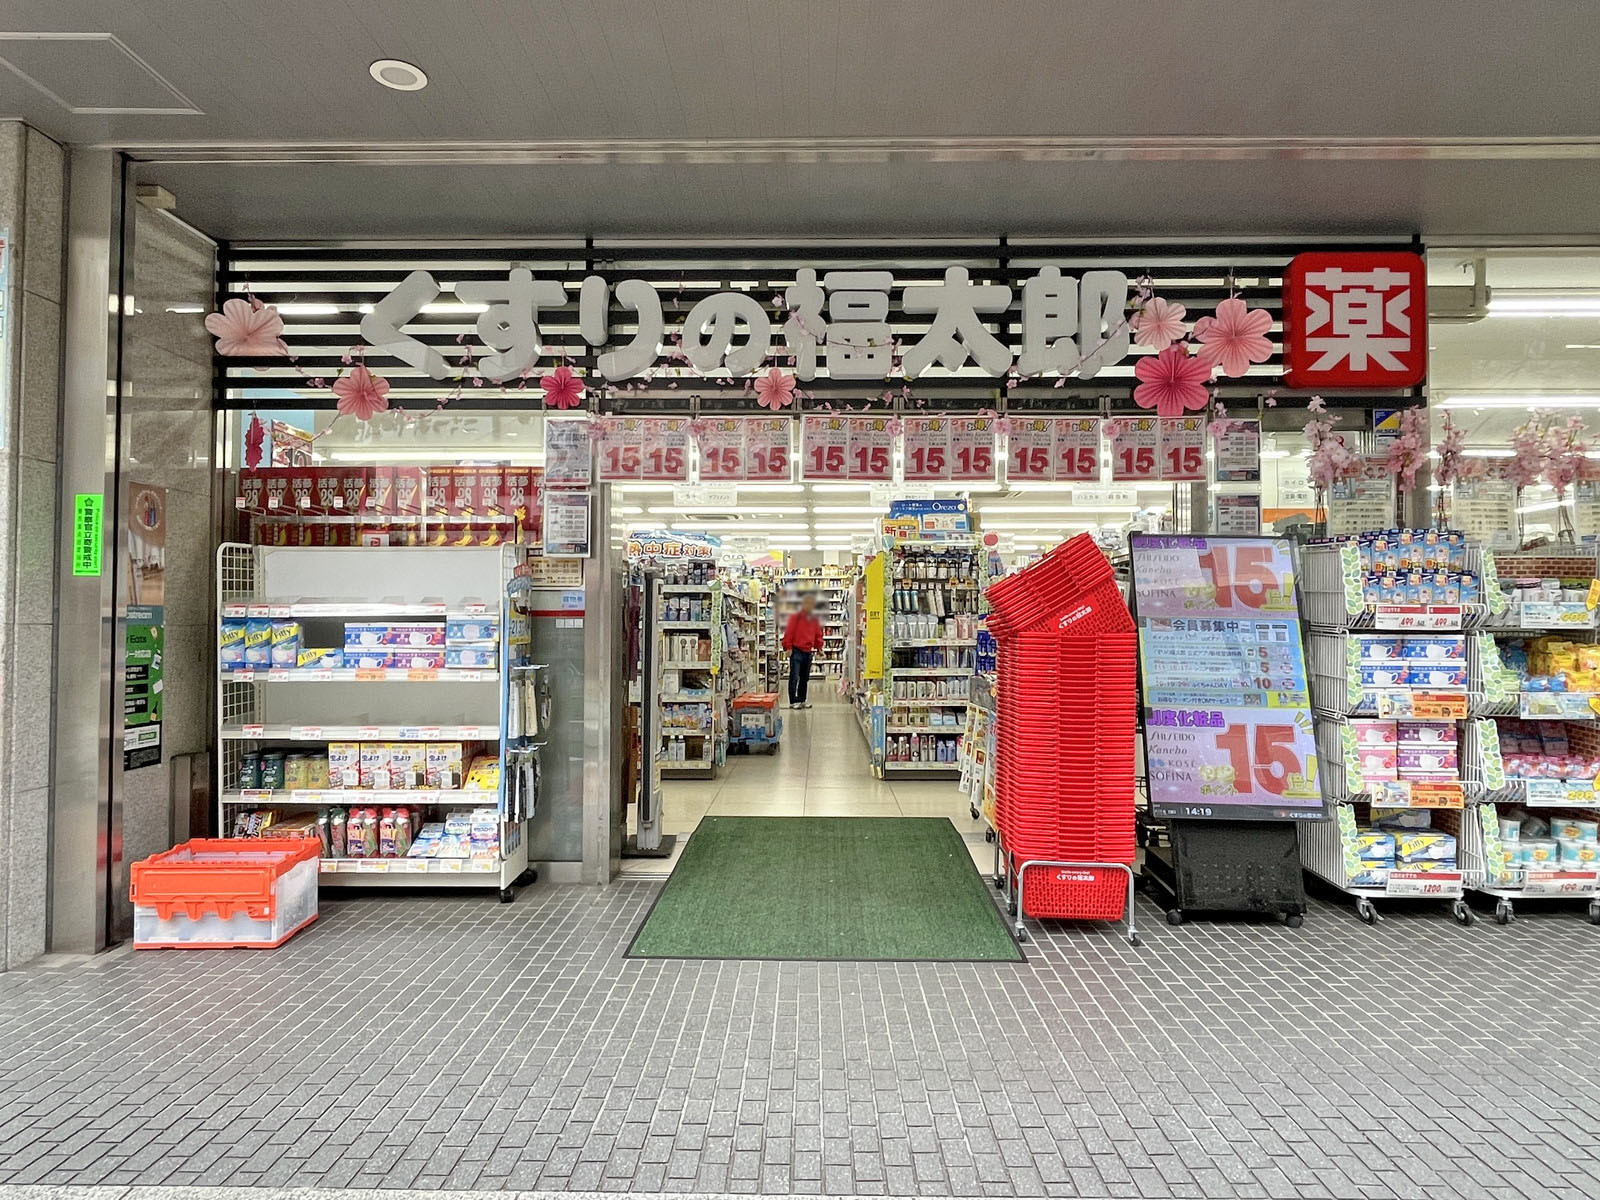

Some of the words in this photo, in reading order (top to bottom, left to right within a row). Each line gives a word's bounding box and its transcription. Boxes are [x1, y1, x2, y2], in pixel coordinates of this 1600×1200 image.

[360, 265, 1130, 381] くすりの福太郎
[1305, 267, 1411, 372] 薬
[607, 447, 641, 473] 15
[649, 447, 685, 473] 15
[706, 447, 741, 473] 15
[753, 447, 787, 473] 15
[811, 447, 844, 473] 15
[855, 447, 889, 473] 15
[912, 447, 945, 473] 15
[958, 447, 991, 473] 15
[1015, 447, 1048, 473] 15
[1062, 447, 1096, 473] 15
[1120, 447, 1154, 473] 15
[1168, 447, 1201, 473] 15
[1199, 545, 1280, 610] 15
[222, 630, 239, 642] Fitty
[246, 631, 264, 643] Fitty
[273, 628, 292, 640] Fitty
[1173, 619, 1239, 632] 会員募集中
[301, 649, 317, 660] Fitty
[1215, 724, 1302, 795] 15
[1150, 771, 1193, 782] SOFINA
[1185, 807, 1212, 816] 14:19

··········

▸ **PROBLEM TO SOLVE**
All of the material above must be given again verbatim, except for the pictures.

▸ **TASK RESULT**
Some of the words in this photo, in reading order (top to bottom, left to right within a row). Each line gives a word's bounding box and its transcription. Boxes are [x1, y1, x2, y2], in pixel coordinates of this 1600×1200 image.

[360, 265, 1130, 381] くすりの福太郎
[1305, 267, 1411, 372] 薬
[607, 447, 641, 473] 15
[649, 447, 685, 473] 15
[706, 447, 741, 473] 15
[753, 447, 787, 473] 15
[811, 447, 844, 473] 15
[855, 447, 889, 473] 15
[912, 447, 945, 473] 15
[958, 447, 991, 473] 15
[1015, 447, 1048, 473] 15
[1062, 447, 1096, 473] 15
[1120, 447, 1154, 473] 15
[1168, 447, 1201, 473] 15
[1199, 545, 1280, 610] 15
[222, 630, 239, 642] Fitty
[246, 631, 264, 643] Fitty
[273, 628, 292, 640] Fitty
[1173, 619, 1239, 632] 会員募集中
[301, 649, 317, 660] Fitty
[1215, 724, 1302, 795] 15
[1150, 771, 1193, 782] SOFINA
[1185, 807, 1212, 816] 14:19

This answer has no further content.